Bagci: Ich denke nicht aus dem Grunde, wie Europa die Türkei sieht. Diese Haltung der Türkei, des türkischen Parlaments ist eher auf derselben Linie wie die der europäischen Staaten, also Deutschland und Frankreich. Deswegen wird es auch eine sehr positive Entwicklung für die türkisch-europäischen Beziehungen haben. Das heißt, die Türkei wird mehr und mehr zu einem Dialog, zu einem Konsens kommen und diese politische Kultur wird in der Türkei auch Fuß fassen. Die Amerikaner sollten sowohl mit einem neuen Europa als auch mit einer neuen Türkei ab jetzt verhandeln und es sollte nicht unbedingt so verstanden werden, dass es gegen Amerika ist. Aber die Verhältnisse ändern sich und das Volk ändert sich und die Amerikaner müssen mit diesen neuen Tatsachen konfrontiert werden und es wird auch weiter so bleiben. Ich denke, dass in den nächsten Tagen so eine Resolution nicht wieder ins Parlament kommen wird. Die Amerikaner müssen diese Tatsache anerkennen und weiterhin mit der Türkei in verschiedenen Bereichen in Verbindung bleiben. Das ist keine feindliche Haltung der Türkei gegenüber Amerika, denke ich.
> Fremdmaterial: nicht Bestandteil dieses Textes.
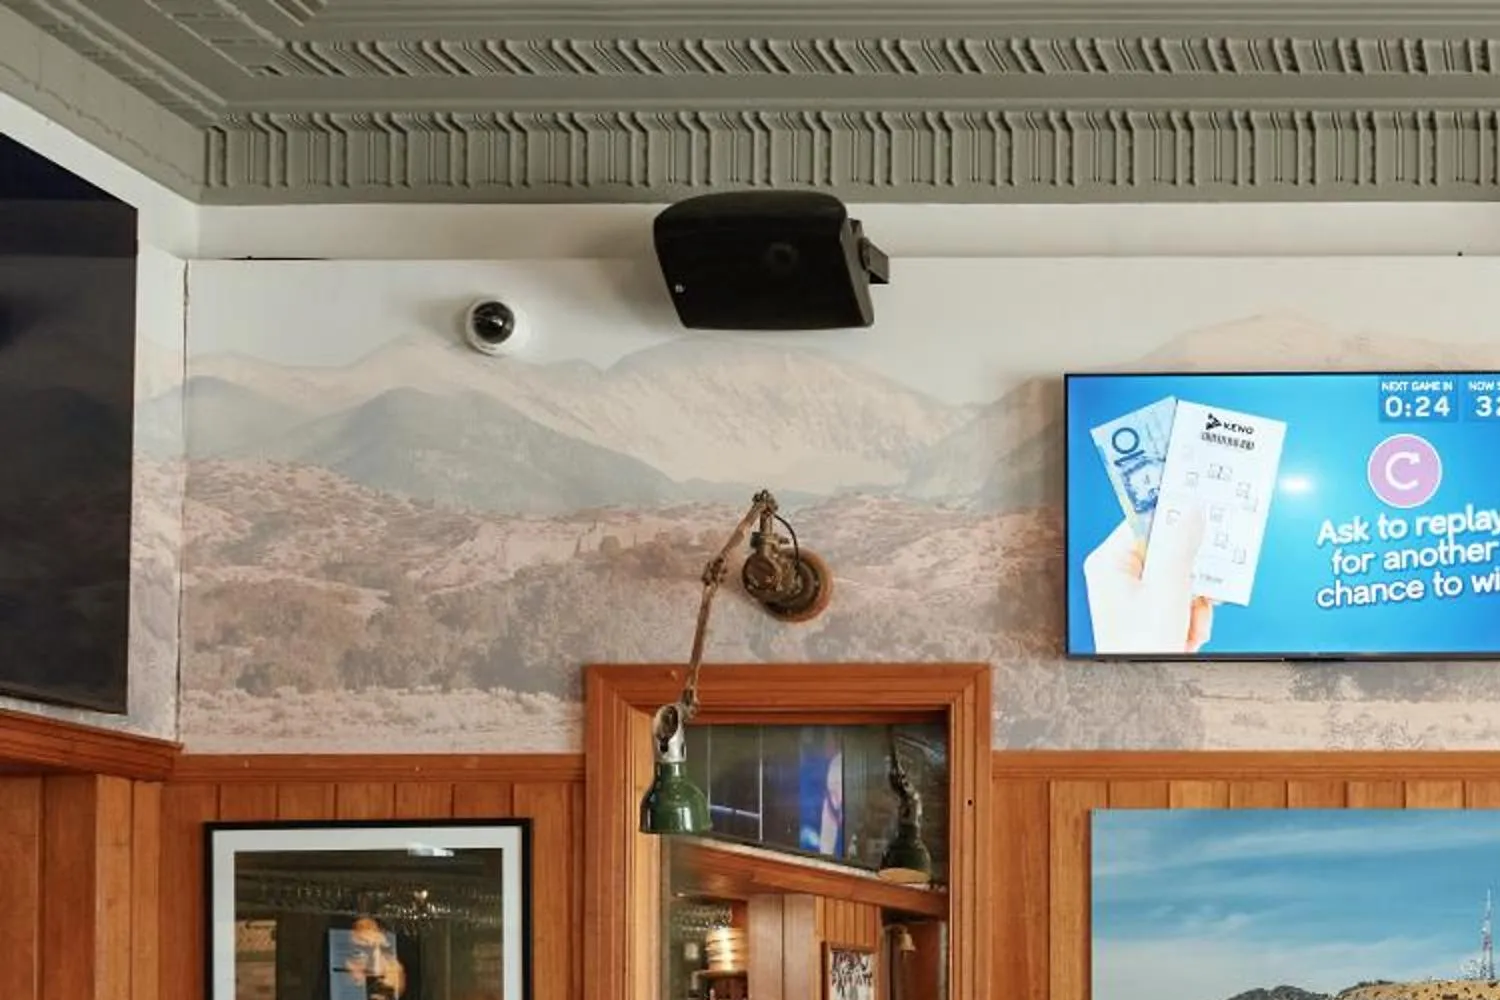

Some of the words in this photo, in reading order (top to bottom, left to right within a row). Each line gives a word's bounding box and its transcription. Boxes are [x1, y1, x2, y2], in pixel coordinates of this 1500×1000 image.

[1381, 380, 1408, 392] NEXT
[1411, 380, 1440, 391] GAME
[1443, 380, 1453, 392] IN
[1468, 380, 1494, 391] NOW
[1385, 395, 1450, 417] 0:24
[1223, 421, 1254, 436] KENO
[1316, 515, 1370, 547] Ask
[1377, 511, 1408, 540] to
[1331, 548, 1375, 575] for
[1383, 537, 1499, 571] another
[1315, 579, 1425, 608] chance
[1432, 571, 1463, 597] to
Simon: Herr Bagci, lässt sich denn absehen, wie sich die Türkei, wenn ein Krieg gegen den Irak ausbricht, in Sachen Nordirak, Kurden im Nordirak, verhalten wird? Wird sie einmarschieren?
Bagci: Das wird sehr wahrscheinlich, zumindest so wie es zur Zeit aussieht, nicht der Fall sein. Solange die Türkei nicht mit den Vereinigten Staaten mitmacht, kann sie natürlich nicht ohne internationale Legitimität hineinmarschieren. Deswegen ist das natürlich eine neue Situation hier. Wie sich die türkische Regierung und das türkische Militär verhalten werden, werden wir alle sehen. Aber wie es zur Zeit aussieht, wird die Türkei nicht allein in den Norden einmarschieren. Das wird nicht der Fall sein.
Simon: Hyseyin Bagci war das von der Universität Ankara. Herzlichen Dank für diese Informationen und auf Wiederhören.